The total number of humans with published BPC-157 data is approximately 19 (2 from the IV pilot, 17 from the knee series). The Phase I and Phase II trials would add roughly 42 and an unknown number of UC patients, respectively, but their data remains unpublished.
The Conflict of Interest Question
Understanding why the trial data remains unpublished requires understanding the business structure around BPC-157. Sikiric is not merely an academic researcher studying a compound. Croatian government records list him as an owner of PharmaCotherapia, the company that sponsored NCT02637284. He is also listed as CEO of Diagen, which holds patents for a "special stable version" of BPC-157.
This creates a specific conflict: the same individual who generates the animal research, references the unpublished human data in review articles, and controls the companies that would commercialize BPC-157 is also the person who decides whether and when to publish the clinical trial results. At no point in this chain is there an independent party with both the data and the incentive to publish it.

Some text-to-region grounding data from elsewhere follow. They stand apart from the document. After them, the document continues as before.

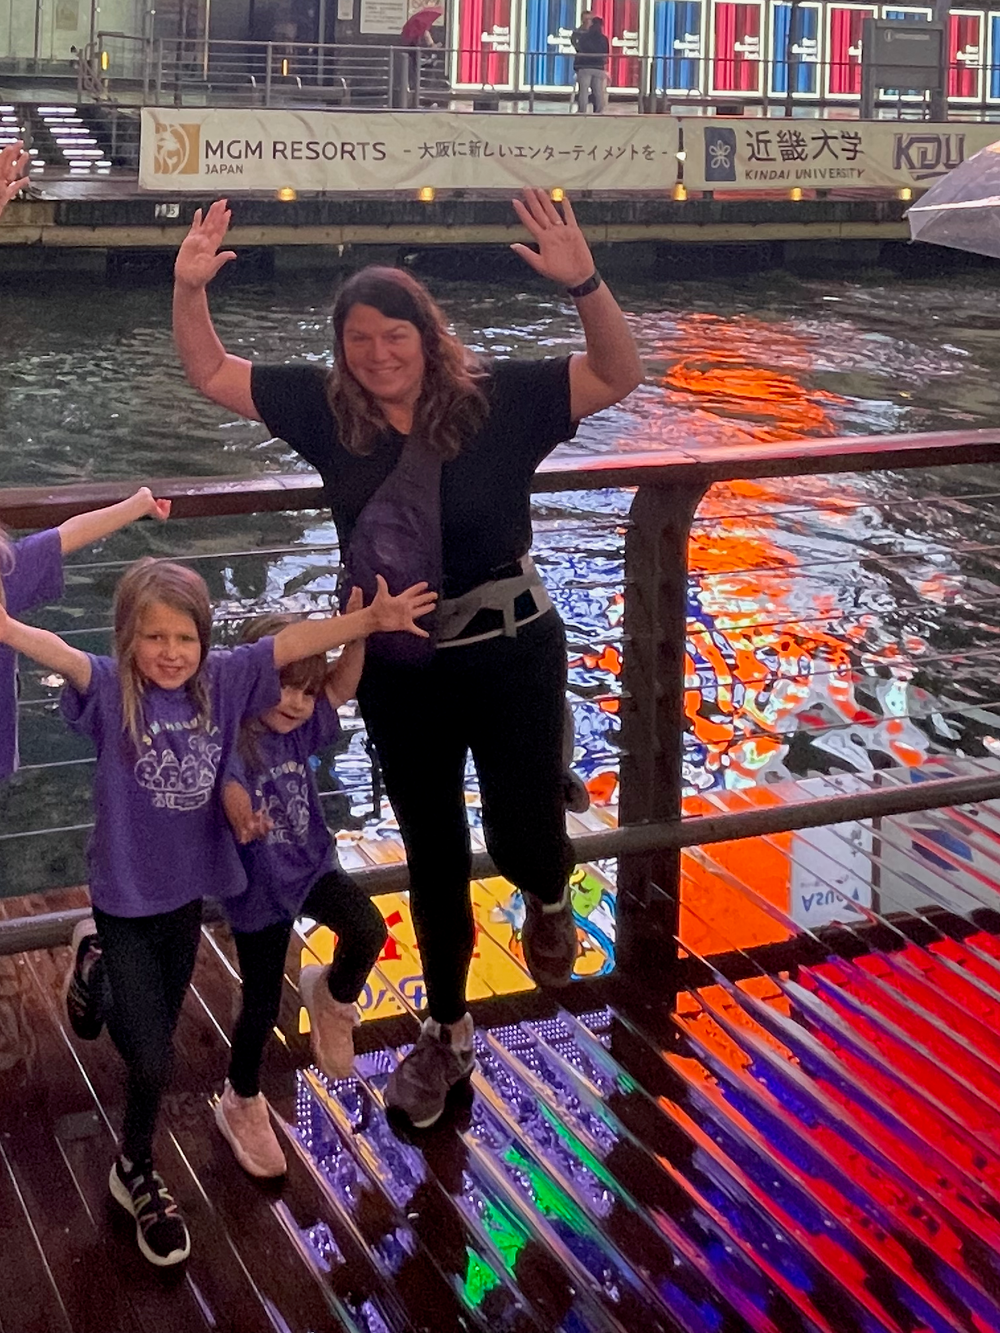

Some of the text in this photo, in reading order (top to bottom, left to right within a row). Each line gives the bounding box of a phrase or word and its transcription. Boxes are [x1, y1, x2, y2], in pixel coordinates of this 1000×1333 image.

[205, 139, 263, 160] MGM
[271, 140, 387, 161] RESORTS
[746, 128, 865, 163] 近畿大学
[204, 164, 243, 175] JAPAN
[745, 168, 866, 181] KINDAI UNIVERSITY

Patent considerations may also play a role. Publishing clinical trial data makes the compound's clinical profile public, which could benefit competitors. Keeping the data proprietary while referencing it in general terms ("effective in ulcerative colitis, phase II") allows Sikiric to claim clinical validation without exposing the details.
None of this means the trial results are negative. It means that the standard mechanisms for evaluating clinical evidence, independent peer review, data sharing, and replication, have not been applied to BPC-157's human data.

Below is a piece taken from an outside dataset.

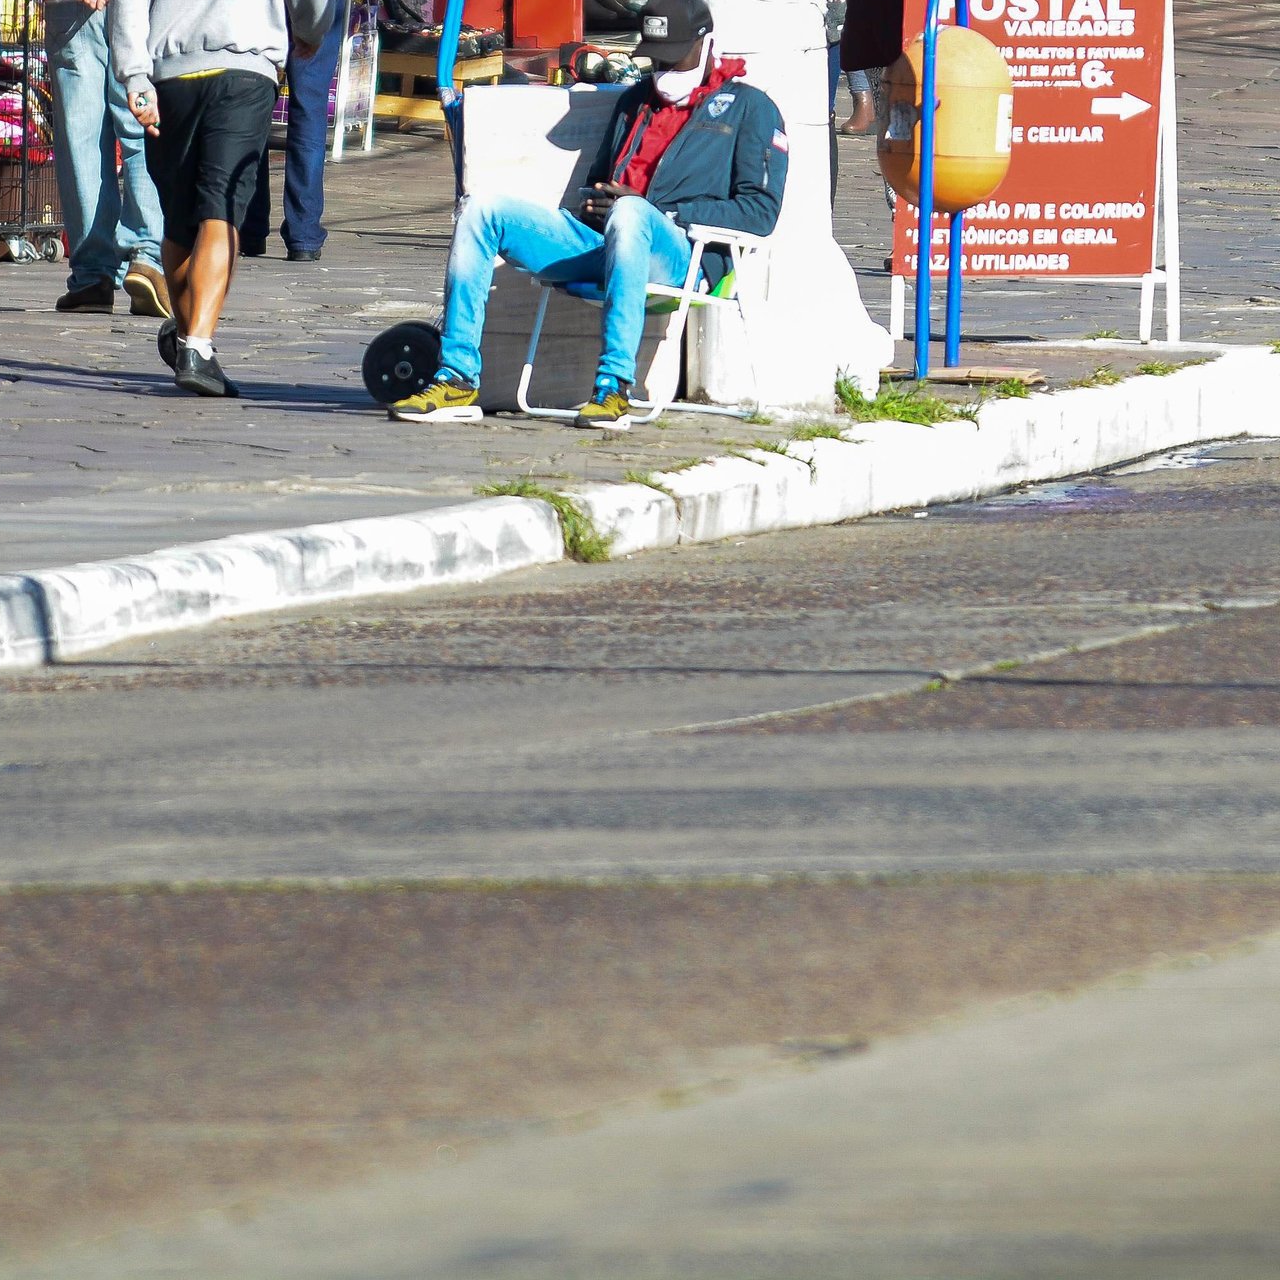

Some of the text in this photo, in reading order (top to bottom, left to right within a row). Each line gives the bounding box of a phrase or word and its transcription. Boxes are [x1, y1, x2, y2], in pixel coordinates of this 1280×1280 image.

What the Chinese Military Data Adds
The Chinese military's independent BPC-157 research program partially fills the safety gap, though not with human data. Their 2020 toxicology study tested BPC-157 across four species with no serious toxicity and explicitly stated that the preclinical safety data would "contribute to the initiation of an ongoing clinical study."[5] Their 2022 pharmacokinetics study provided the first ADME data for BPC-157.
These studies are valuable because they come from an institution with no commercial interest in BPC-157 and follow regulatory-grade protocols. But they do not substitute for published human trial data. The Chinese group has not yet published human studies of their own.
The Broader Pattern
BPC-157's ghost trial is not unique in pharmaceutical history. Many promising compounds have had trials that were completed but never published. What makes BPC-157's case distinctive is the combination of factors:
- The compound has a massive and growing consumer market despite having no published human efficacy data
- The developer continues to publish animal studies at a prolific rate while leaving the human data unpublished
- The unpublished results are actively cited in published papers as evidence of safety and efficacy
- The compound is at the center of a major FDA regulatory battle, with its Category 2 classification partly driven by the absence of clinical evidence
For the limits of BPC-157 research more broadly and why the evidence gap persists, see our dedicated article. For BPC-157's current regulatory status and why the FDA placed it on the Category 2 list, see our pillar article on peptide regulation.
The Bottom Line
BPC-157 completed a Phase II trial for ulcerative colitis and a Phase I safety study, but neither has produced a peer-reviewed publication. The developer references these trials in subsequent papers as showing efficacy and safety, but the underlying data remains inaccessible to independent scientists. As of March 2026, the total published human BPC-157 data comes from approximately 19 subjects studied by an independent US researcher. The ghost trial is not proof that BPC-157 does not work or is not safe. It is proof that the standard process for evaluating clinical evidence has not been completed, and that the safety claims underpinning millions of dollars in consumer spending rest on self-reported, unpublished data from the compound's developer.